Saturday, July 19, 2008
It's just the way things change now
Like the shoreline and the sea
Leonard Cohen
This is a summary of what has been accomplished so far and what is yet to unfold. It is about how I have changed and what changes are coming as I say a final good bye to CLL.
Let me set this up by reviewing the conditioning. Mine was RIC (reduced intensity conditioning) and is usually non-myloablative. This kinder, gentler regime does not wipe out my whole bone marrow and with it, hopefully every last cancer cell. What it does instead is make a little space in the bone marrow for the new graft and beat up my immune system so I don't reject these donor cells. It is a much less miserable and risky procedure than the more intense myloablative transplant. It relies on the graft to do the heavy lifting to find and destroy the "foreign" cancer cells. My specific protocol used Fludarabine 30/M2 x 3 days. cytoxan 750/M2 x 3 days, Rituxan 375/M2 x 1 day and then Rituxan 1000/M2 on day 1+. 8+. and 15+. It is specific for CLL.
My first task was not to die from an infection when I was most vulnerable. Mission complete. Now that my neutrophils are >1000, I am past the hurtle of neutropenic sepsis, but I am still at risk for infections from bacteria and molds that usually don't cause trouble for someone with a normal immune system (opportunistic infections).

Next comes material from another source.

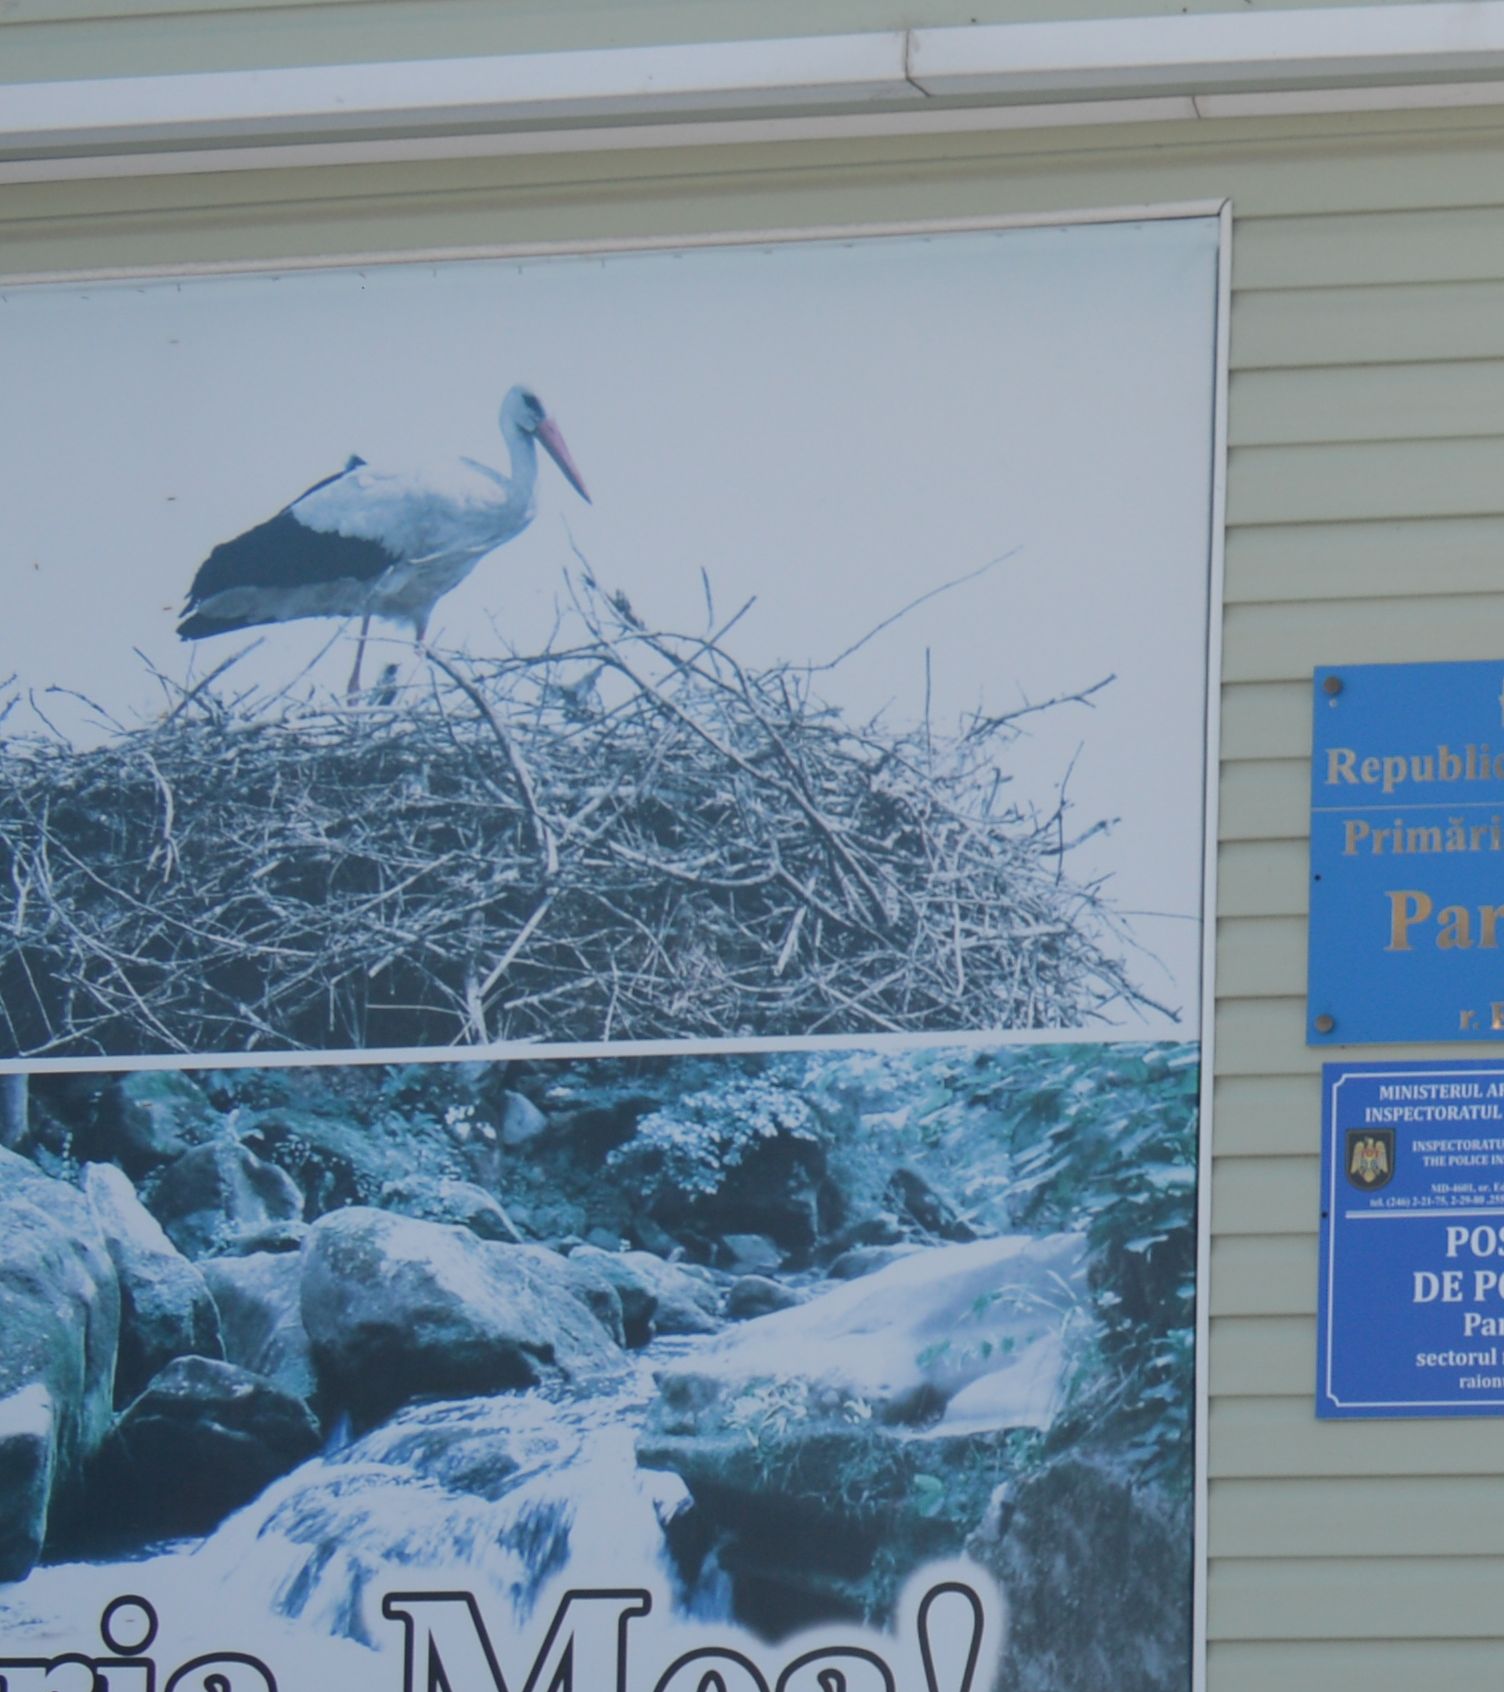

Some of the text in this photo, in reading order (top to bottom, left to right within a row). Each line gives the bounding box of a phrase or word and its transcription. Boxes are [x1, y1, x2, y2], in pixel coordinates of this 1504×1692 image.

My next goal was to engraft. Done. Over the next several weeks to several months, my bone marrow will be increasingly taken over by my donor cells. It may never reach 100%. Dr. Forman, anticipating my catastrophizing, told me that a final mixed chimerism where I remain part old and part new is associated with less graft versus host and not less disease control. The doctor in me wants to see the published research behind that reassurance, but the point is moot as I will end up where I end up. The gentle conditioning may be associated with a slower engraftment. I can live with that.

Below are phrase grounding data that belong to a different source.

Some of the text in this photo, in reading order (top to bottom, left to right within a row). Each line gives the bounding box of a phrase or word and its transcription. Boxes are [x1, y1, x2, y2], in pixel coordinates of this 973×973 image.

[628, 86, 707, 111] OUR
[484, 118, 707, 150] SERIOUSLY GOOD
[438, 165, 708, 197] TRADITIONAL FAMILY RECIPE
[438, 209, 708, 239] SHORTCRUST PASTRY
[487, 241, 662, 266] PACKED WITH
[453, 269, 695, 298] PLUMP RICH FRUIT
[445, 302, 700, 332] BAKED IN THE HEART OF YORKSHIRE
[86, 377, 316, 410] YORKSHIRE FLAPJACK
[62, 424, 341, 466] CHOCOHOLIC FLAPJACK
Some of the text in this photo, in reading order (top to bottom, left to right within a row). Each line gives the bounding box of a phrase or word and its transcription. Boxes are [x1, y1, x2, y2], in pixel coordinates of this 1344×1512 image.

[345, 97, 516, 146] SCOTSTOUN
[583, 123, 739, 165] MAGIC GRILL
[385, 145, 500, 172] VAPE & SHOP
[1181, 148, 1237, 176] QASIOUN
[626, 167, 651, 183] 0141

Next bullet to dodge is acute graft versus host (GVH): rashes, liver disease, diarrhea, mouth sores and so on. It can kill you and in fact after infection is the second leading cause of death in HSCT. It usually would have started by now. The highest risk is the first 30 days and I am already day 18+ so I am looking pretty good. By definition any GVH before day 100 is considered acute.

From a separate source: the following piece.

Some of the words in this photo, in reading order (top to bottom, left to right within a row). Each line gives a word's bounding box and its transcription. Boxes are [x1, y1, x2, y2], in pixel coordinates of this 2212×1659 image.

The penultimate issue is chronic GVH. This is tricky. All the studies suggest that those with some chronic GVH (but not acute GVH) have a lower relapse rate of their leukemia. The highest cancer relapse rate is when the donor is an identical twin where there is almost no GVH. Makes sense as GVH and GVL (graft versus leukemia) are often, but not always dance partners. So maybe you want some mild GVH (some dry skin would be OK) to let you that know your graft is being vigilant in its search and destroy mission. Dr. Forman is not convinced of the necessity of the connection and feels my protocol may give me the best of both worlds. Again, I say show me the data. But GVL without GVH is the holy grail of transplant world.
Which brings me to the ultimate issue, the raison d'etre for all this awesome transplant adventure: TO BE CURED. My blood is already cleaned up (and there was a trace of cancer in my blood when I was admitted), but that is the easiest target. The bone marrow and the nodes will take longer to be purged. This is dependent on my graft establishing itself before my CLL can rise again from the near dead. Relapse is the third leading cause of death.
I am confident that is not in my future for three cool calm reasons: my disease burden was low at the time of transplant, it is demonstrably lower now, and my graft is already taking off.
But maybe more important is that I am riding a wave of love and support and prayers from so many, and I am taking it all the way to the shore of joy and health. Thank you. Thank you. Thank you. I couldn't do it alone.
Hey, more than 60 posts and finally use a surfing analogy. Feels right. Tubular in fact. So far the rides been smooth and glassy. I am so blessed. Surfing USA.
4 Comments:
Good morning Dr. K,
We are so excited to see you are doing great on your adventure! Have been keeping up to date on your site and thanks so much for sharing with all of us. Keep up the good work and stay strong.
Jim and Judy Mathey
You have done great so far and the RIC is the way to go (that is what I want too Dr. Brian).
Your great donor match was a success and your engraftment is on it's way, another great milestone.
AGVH is not in your cards and you are going to pass right by that 30 day mark without any issues.
I wish that you do get some GVH in the near future. But let’s keep it to a minimum and not affect your quality of life. Is there a holy grail in your cards?????
Your CLL Friend,
Brian,
You certainly chose the right title for your blog...your transplant adventure has definitely been AWESOME. How amazing is it that you get to go home SO soon! Keep the good news coming, Brian. And enjoy being home tomorrow. I can only imagine what how good "going home" must feel!
Brian,
Thanks for all the info and the time you are using to let us follow your journey, I am heading for the same thing as you are doing, provided I get a CR with the protocol I am following at the moment.
I am so pleased all is going well with you, and wish you all the best
Chonette Taylor (UK)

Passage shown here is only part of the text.